The bright blazing pain seared through him again. Breaking his fingers, slowly, one by one. Ripping out his fingernails. Flailing his back with leather cords that cut through his flesh to the bone.

A shudder ran through him. He bit his tongue, tasted blood and bile that surged up from his clenching stomach. Sweat trickled down his face.

“I’m sorry, Gerard!” he gasped. “I’m sorry!”

Catching hold of Tasslehoff by the scruff of his neck, Palin lifted the kender and tossed him bodily onto the griffon’s back.

“Hold on tightly!” he ordered the kender.

“I think I’m going to throw up,” Tas cried, squirming. “Let’s wait for Gerard!”

Palin had no time for any kender ploys. “Leave at once!” he ordered the griffon.
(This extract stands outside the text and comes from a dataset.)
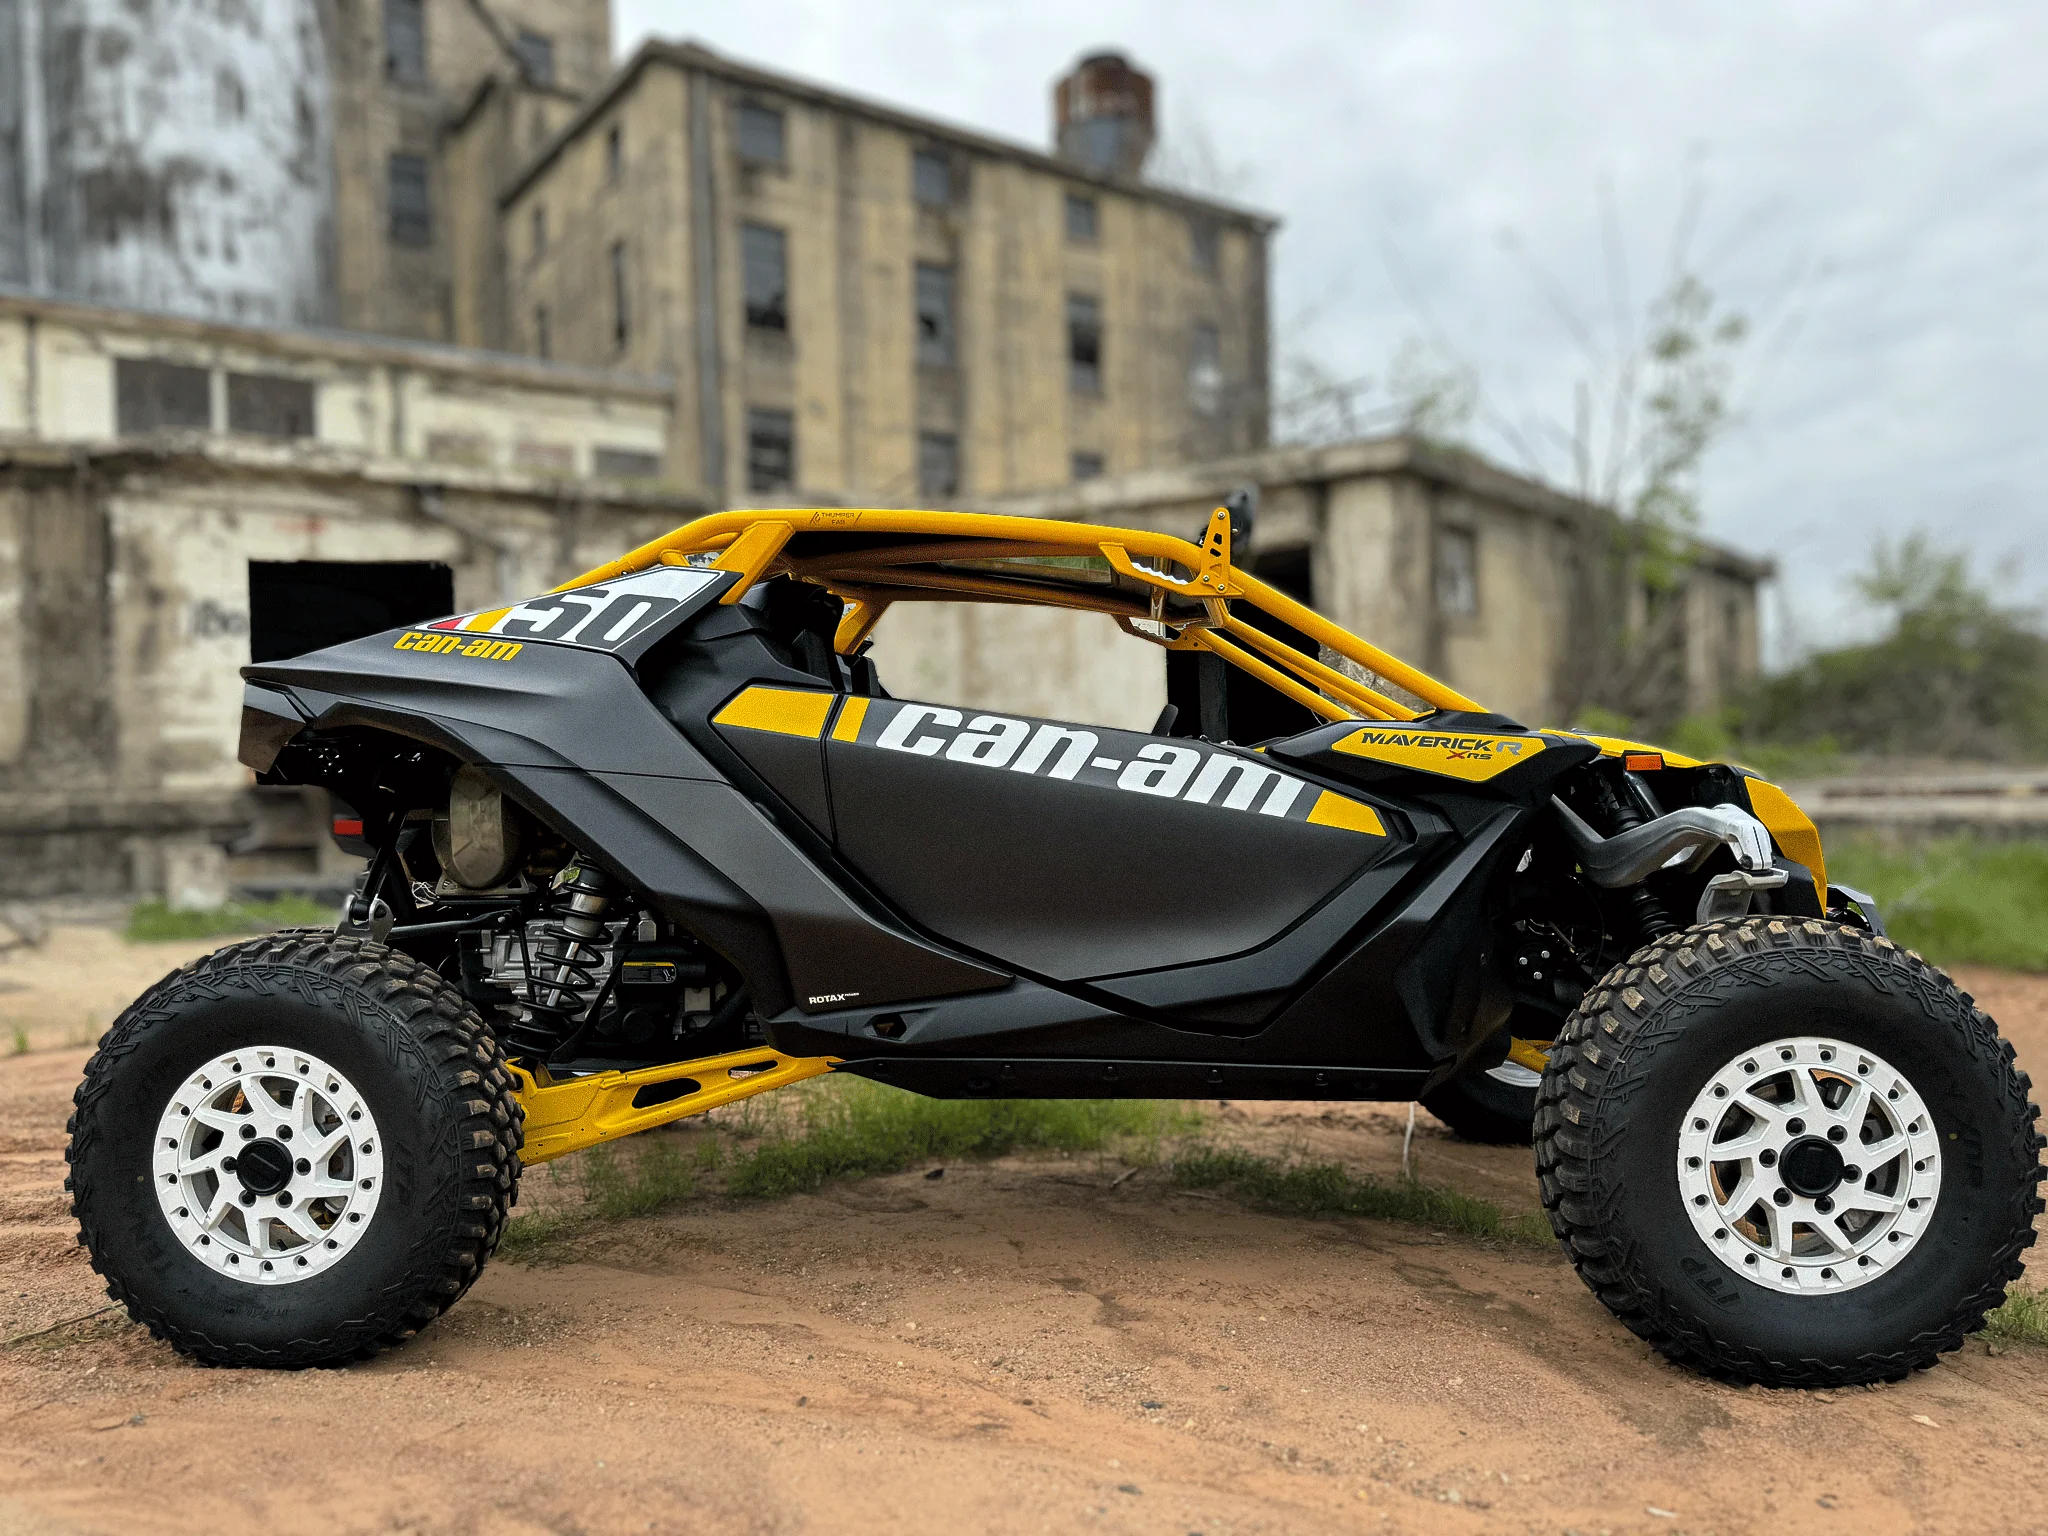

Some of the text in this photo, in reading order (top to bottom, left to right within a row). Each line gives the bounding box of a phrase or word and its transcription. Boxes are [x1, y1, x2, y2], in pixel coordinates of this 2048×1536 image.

[393, 631, 524, 661] can-am
[1361, 732, 1523, 756] MAVERICK R
[875, 703, 1307, 819] can-am
[809, 993, 846, 1004] ROTAX
Palin pulled himself into the saddle that was strapped onto the griffon’s back, between the feathery wings.

“The Knights of Neraka surround us. Our guard is holding them off, but I doubt he can last for long.”

The griffon glared back at the mage with bright, black eyes.

“Do we leave him behind, then?” the griffon asked.

“Yes,” said Palin evenly. “We leave him behind.”

The griffon did not argue. He had his orders. The strange habits of humans were not his concern. The beast lifted his great wings and leaped into the air, his powerful lion legs driving into the ground. He circled the clearing, striving to gain altitude and avoid the trees. Palin peered down, trying to find Gerard. The sun had cleared the horizon, was burning away the mists and lighting the shadows. Palin could see flashes of steel and hear ringing blows.

Miraculously, the Knight was still alive.

Palin turned away. He faced into the rushing wind. The sun vanished suddenly, overtaken by huge, rolling gray storm clouds that boiled up over the horizon. Lightning flickered amid the churning clouds. Thunder rumbled. A chill wind, blowing from the storm,! cooled the sweat that had drenched his robes and left his hair wringing wet. He shivered slightly and drew his dark cloak close around him. He did not look back again.

The griffon rose high above the trees. Feeling the air currents beneath his wings, the beast soared into the blue sky.

“Palin!” Tasslehoff cried, tugging urgently on the back of his robes. “There’s something flying behind us!”

Palin twisted to look.

The green dragon was distant, but it was moving at great speed, its wings slicing the air, its clawed feet pressed up against its body, its green tail streaming out behind. It was not Beryl. One of her minions, out doing her bidding.

Of course. She would not trust the Knights of Neraka to bring her this prize. She would send one of her own kind to fetch it. He leaned over the griffon’s shoulder.